Permaneço quieta e ele afasta-se com um sorriso no rosto perfeito.

- Passaram imensos dias desde a nossa última conversa, linda. Está na hora de conversarmos como duas pessoas civilizadas que gostam uma da outra.

- Não tenho nada para conversar contigo. - declaro firmemente.

- Eu não vou te deixar escapar, morena. Duas semanas longe de ti foram o suficiente para perceber que não te posso deixar ir assim. Não por um motivo tão fútil. - cruza os braços.

- Pensasses nisso antes de cometeres o mesmo erro pela segunda vez. - reviro os olhos.

- Tive tantas saudades tuas, amor. - admite, ignorando a minha afirmação anterior. - Eu só te quero proteger de toda a merda do meu passado.

- Sendo assim, não é melhor mantermo-nos afastados? - arqueio a sobrancelha, não dando o braço a torcer.

- Eu quero mudar o que nós temos. - declara. - Sabes perfeitamente que não és mais uma.

- Gostava de saber quantas já caíram nesse teu discurso. - rio sarcasticamente.

- Não é uma mentira, caralho! Eu só consigo pensar em quando eras minha. - reflete em voz alta.

- Tu és responsável por todas as tuas ações, inclusive por me perder. - indago. - E eu nunca fui tua.

- Se não queres ser minha, olha no fundo dos meus olhos e verbaliza-o. Diz-me que não me queres, que preferes estar com outro e que não te importas de me ver com outra. Se isso for realmente verdade, eu deixo-te em paz e vou-me embora. Não estejas à espera que eu termine contigo. Fá-lo por ti mesma, se é o que tu sentes que deves fazer.

Eu não consigo responder, porque tenho noção de que isso é o que eu menos quero.

- Estou à espera. - reforça com indiferença, mas sei que está tão ansioso quanto eu.

- Não consigo, porra. Eu gostaria de conseguir dizer que posso encontrar em outro o que encontrei em ti, mas estaria a mentir. É isso que queres ouvir? - exalto-me frustrada comigo mesma. - Não consigo pensar em mais ninguém da mesma forma que penso em ti, nem sou capaz de sentir as mesmas sensações que sinto contigo com outro qualquer. Por isso, não fiquei com mais ninguém.

Suspiro, abaixando a cabeça para evitar que ele veja os meus olhos marejados. Sinto-me tão fraca por estar a chorar que o que eu mais desejo é fugir agora.

- Estou cansada de me sujeitar a isto, Ian. Chega. Vai viver a tua vida livremente, como já o tens feito com as dúzias de raparigas que desejam ocupar o meu lugar. - tento disfarçar o choro.

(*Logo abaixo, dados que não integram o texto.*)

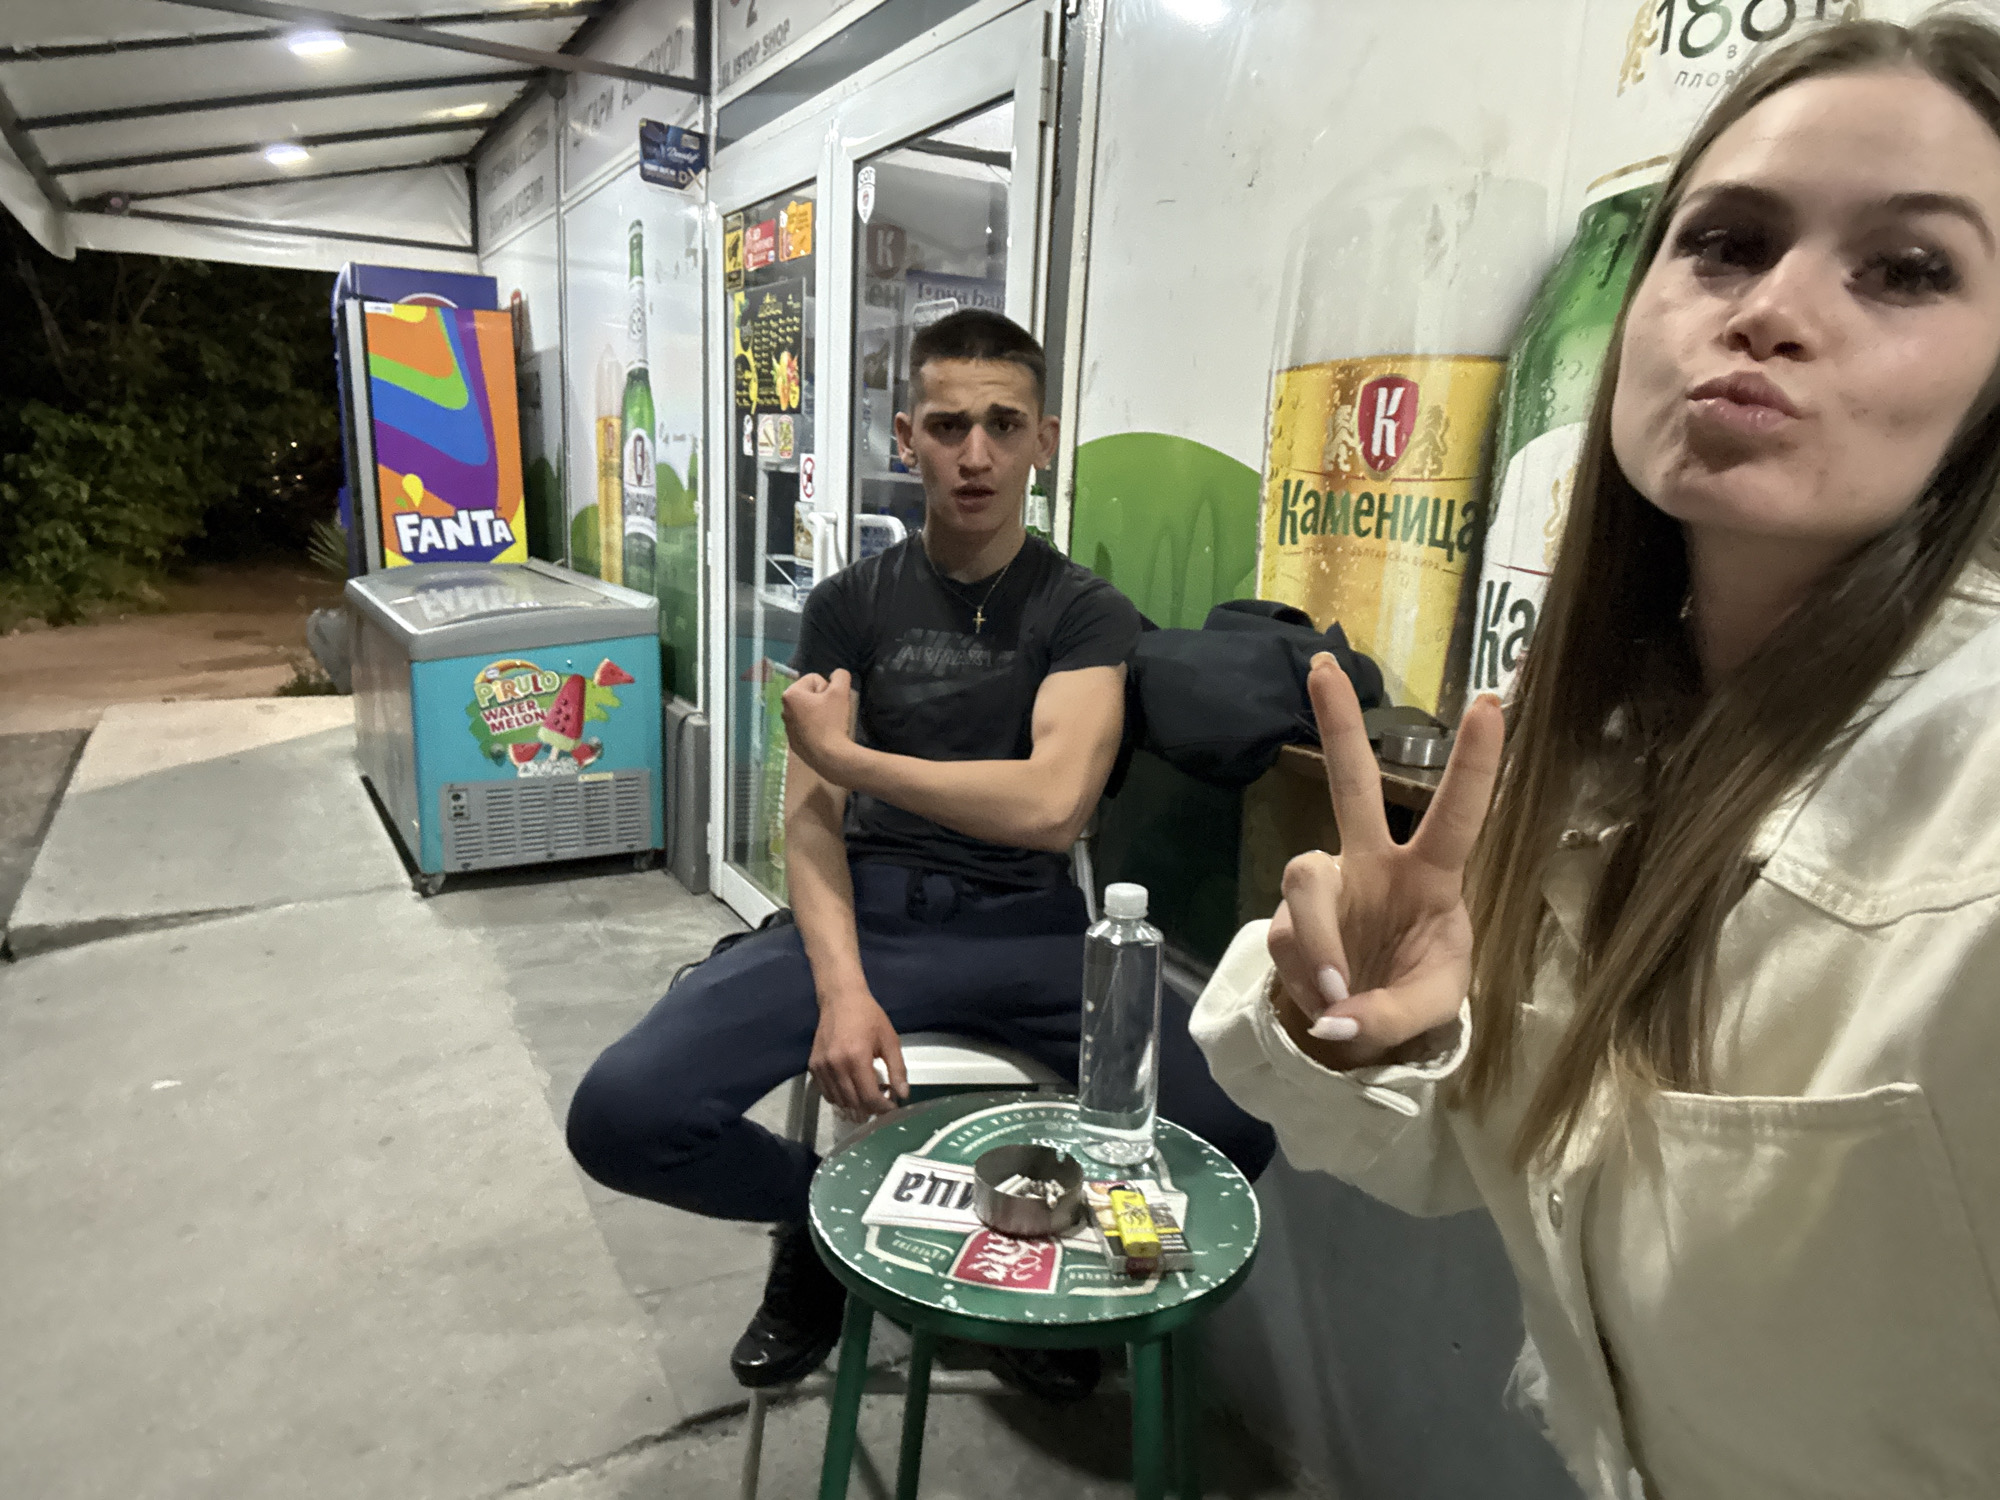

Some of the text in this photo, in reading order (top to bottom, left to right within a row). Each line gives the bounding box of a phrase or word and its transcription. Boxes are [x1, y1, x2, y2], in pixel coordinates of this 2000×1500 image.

[395, 509, 514, 554] FANTA
[1278, 479, 1488, 562] Каменица
[1473, 579, 1536, 690] Ка
[474, 671, 560, 707] PIRULO
[483, 700, 537, 722] WATER
[490, 709, 546, 735] MELON

- Eu sou livre contigo, morena. Aliás, eu só consigo viver quando estou contigo. Estou cansado de me afundar no meu passado e de viver constantemente em modo sobrevivência. Tu trouxeste-me de volta à vida. Eu quero ser alguém melhor e, acima de tudo, quero que sejas minha. Exclusivamente minha. E eu serei exclusivamente teu. - aproxima-se novamente, unindo as nossas mãos.

- Como é suposto eu acreditar nisso? - questiono.

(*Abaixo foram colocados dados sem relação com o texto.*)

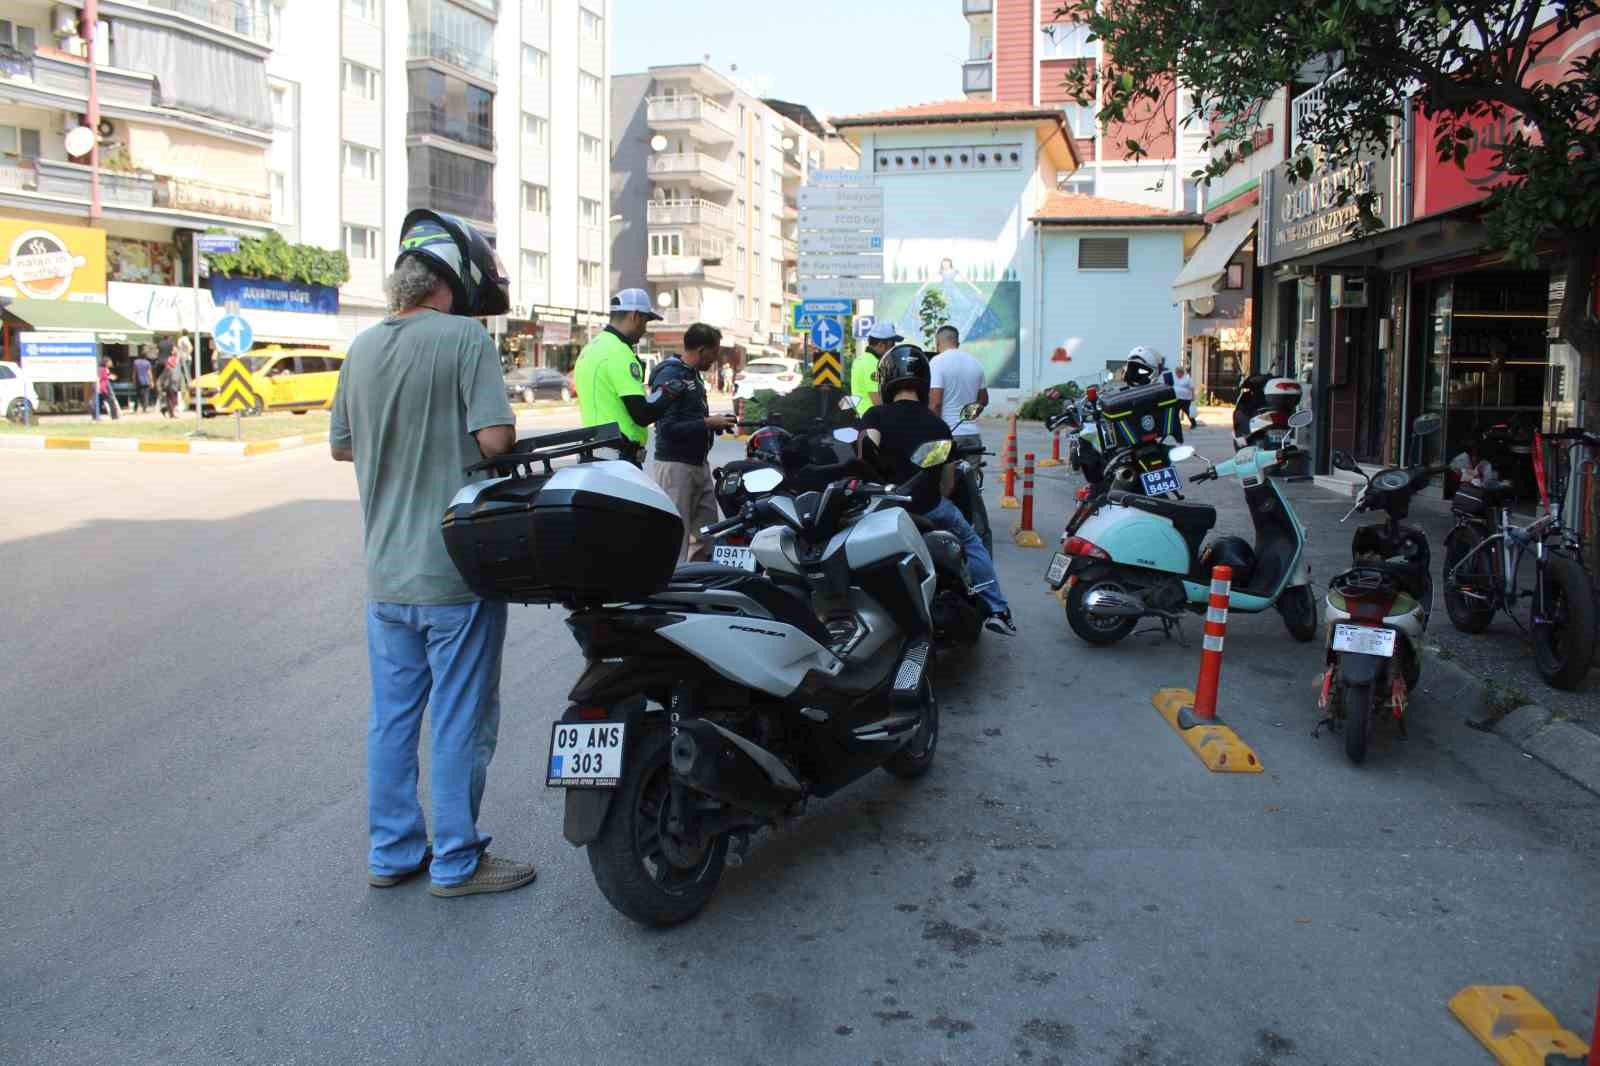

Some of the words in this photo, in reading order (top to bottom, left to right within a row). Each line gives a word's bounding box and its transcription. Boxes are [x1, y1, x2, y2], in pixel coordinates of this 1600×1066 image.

[728, 624, 786, 638] FORZA
[558, 728, 578, 748] 09
[587, 727, 619, 748] ANS
[571, 753, 602, 774] 303

- Estou disposto a tornar as minhas palavras em ações e provar-te todos os dias que sempre serás tu. - admite.

O seu polegar escorrega pelo meu rosto húmido devido às lágrimas e eu fito os seus lábios carnudos e avermelhados. Não me contenho e beijo-o. A minha língua choca-se contra a sua e o meu corpo amolece nos seus braços, obrigando-o a sustentar o meu peso.

- Não te vais arrepender, amor. - promete.